Guerro's, on South Congress. I wasn't too impressed with this place on my first visit - too much of the bar feel, and a little upscale compared to the South 1st joints - but on a second trip was surprised by a couple of good, simple tacos on corn tortillas (made in house), and a decent tamale (though nothing compared to the lady on a 106th and Amsterdam).
Curra's, on Oltdorf. Had an excellent breakfast there one Sunday morning, eggs with shredded dried beef, black beans on the side.
Jeffrey's. Felt some compulsion to check this place out, and was pretty completely underwhelmed. Other than the mandarin orange margarita, nothing that was really any good, and the prices are New York. I can't remember what I had to start; the duck and shrimp entree sounded interesting, but was just a heavy mess. Leaden atmosphere.
Oasis, overlooking one of the river canyons. This is a scene around sunset, a multitiered hillside haunt that seems (judging from the parking lot) to accommodate thousands. Not bad for a drink, but skip the food.
Enfield Drug, on West Lynn. Nice authentic fountain counter, with the food to match (in other words, nothing special). Old Austin without trying.

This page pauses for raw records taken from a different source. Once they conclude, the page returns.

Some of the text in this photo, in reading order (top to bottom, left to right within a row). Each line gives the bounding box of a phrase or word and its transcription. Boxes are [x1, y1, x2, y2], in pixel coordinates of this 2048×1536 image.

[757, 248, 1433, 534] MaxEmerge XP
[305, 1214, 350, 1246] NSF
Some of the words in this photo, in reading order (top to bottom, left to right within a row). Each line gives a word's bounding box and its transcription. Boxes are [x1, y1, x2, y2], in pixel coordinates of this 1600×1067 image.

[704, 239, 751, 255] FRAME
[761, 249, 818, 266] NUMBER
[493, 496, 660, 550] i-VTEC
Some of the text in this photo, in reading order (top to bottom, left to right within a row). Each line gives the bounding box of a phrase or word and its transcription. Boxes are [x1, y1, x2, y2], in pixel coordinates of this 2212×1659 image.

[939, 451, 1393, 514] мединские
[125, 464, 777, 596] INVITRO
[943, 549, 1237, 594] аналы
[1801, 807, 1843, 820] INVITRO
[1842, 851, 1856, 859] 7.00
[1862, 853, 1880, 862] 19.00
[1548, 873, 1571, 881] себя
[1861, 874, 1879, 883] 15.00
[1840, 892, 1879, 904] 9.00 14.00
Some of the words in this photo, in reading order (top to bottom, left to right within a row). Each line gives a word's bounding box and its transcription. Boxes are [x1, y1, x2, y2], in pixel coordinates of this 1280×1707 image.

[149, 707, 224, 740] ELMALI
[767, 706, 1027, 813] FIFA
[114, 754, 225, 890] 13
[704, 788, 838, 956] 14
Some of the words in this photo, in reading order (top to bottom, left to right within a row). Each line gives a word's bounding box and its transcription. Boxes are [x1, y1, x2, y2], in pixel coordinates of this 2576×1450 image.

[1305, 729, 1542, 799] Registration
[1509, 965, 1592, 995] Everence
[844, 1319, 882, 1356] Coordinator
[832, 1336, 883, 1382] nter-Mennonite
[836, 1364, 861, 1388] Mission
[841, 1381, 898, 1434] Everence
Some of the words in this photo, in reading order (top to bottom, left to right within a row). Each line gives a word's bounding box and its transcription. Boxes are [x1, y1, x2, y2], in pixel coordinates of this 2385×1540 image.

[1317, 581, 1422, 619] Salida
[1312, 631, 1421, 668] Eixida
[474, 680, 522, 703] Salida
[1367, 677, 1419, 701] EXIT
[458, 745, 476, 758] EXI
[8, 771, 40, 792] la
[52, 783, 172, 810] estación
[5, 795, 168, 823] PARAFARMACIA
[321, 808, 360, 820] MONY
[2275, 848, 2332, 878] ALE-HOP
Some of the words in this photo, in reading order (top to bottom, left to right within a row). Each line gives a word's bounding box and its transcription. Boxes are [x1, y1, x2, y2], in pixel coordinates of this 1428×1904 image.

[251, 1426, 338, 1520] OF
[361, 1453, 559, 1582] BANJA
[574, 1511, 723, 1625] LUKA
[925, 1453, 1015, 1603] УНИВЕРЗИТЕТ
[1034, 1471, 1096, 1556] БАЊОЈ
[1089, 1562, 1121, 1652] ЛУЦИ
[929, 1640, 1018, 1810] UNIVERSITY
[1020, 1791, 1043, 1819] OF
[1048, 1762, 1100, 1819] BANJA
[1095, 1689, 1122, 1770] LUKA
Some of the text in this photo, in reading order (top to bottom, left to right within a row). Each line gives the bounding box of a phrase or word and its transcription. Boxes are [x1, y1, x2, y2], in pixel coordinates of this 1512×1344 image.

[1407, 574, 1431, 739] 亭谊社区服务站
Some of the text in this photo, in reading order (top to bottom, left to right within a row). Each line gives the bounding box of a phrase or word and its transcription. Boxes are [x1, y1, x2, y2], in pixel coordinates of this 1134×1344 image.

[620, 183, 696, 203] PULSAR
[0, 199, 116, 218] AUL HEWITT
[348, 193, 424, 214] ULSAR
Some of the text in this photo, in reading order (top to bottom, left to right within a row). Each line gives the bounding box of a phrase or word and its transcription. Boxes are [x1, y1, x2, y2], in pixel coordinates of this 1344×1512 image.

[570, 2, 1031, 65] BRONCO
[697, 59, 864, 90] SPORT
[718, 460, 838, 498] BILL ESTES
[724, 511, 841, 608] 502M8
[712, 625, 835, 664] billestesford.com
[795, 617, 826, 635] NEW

Hans: I have nothing to contribute except a big Thank You for an enjoyably readable, informative post! I doubt I'll ever get to Austin, but one never knows. But even knowing of someone else going there will be an opportunity to pass on all of your great info. And welcome home! pat
I thoroughly enjoyed reading your report on Austin eats. You've pointed out a few places that I didn't know about and reminded me of a few I had forgotten.
I'm glad you enjoyed Lewis Barbecue. I don't mention it often because the last two times I've been there, there's been a swarm of hornets preying on customers. Sounds like they got that solved. As for Bert's on MLK, I think it's another ordering issue. The thing to get there is the Turbo T-Man, a bed of Fritos covered with sliced brisket and sausage, beans and sauce. Close to a Frito Pie, something most Texans hold near and dear. I also usually get a couple of pork ribs as chasers. As for Artz, the only things to order are the baby back ribs and the burgers. At Kreuz, the thing to do is pick a spot to sit and leave your 'cue there while you go back for sides. Don't worry; touchin' another man's 'cue is a hangin' offence.
Chuy's is a great place if you know what to order and can be pretty bad if you don't. The thing here is a Chuy's Special: a layered enchilada with smoked chicken and topped with a firey green chile sauce. Awful good.
At any rate, thanks for the new names and I'ts been good chowhound fun having you in Austin.
re: Greg Spence
I, too, thank you Hans. Only living in Austin for a little over a year means that I've yet to go to more than half of the places you mention. You certainly found many interesting places.
The way I handle the drinks/cheese/etc. at Kreuz is to get one of my dining companions to go get in line for drinks while someone else--usually me-- orders the meat. I've found it's usually the same wait. That way we get the meat nice and hot from the pit.
Hey, Greg, have you been to Dan's barbecue? I've seen it, of course, but never when I've been hungry and had time...
re: Carter B.
Haven't been to Dan's yet. Have heard good things from people I know who frequent the place.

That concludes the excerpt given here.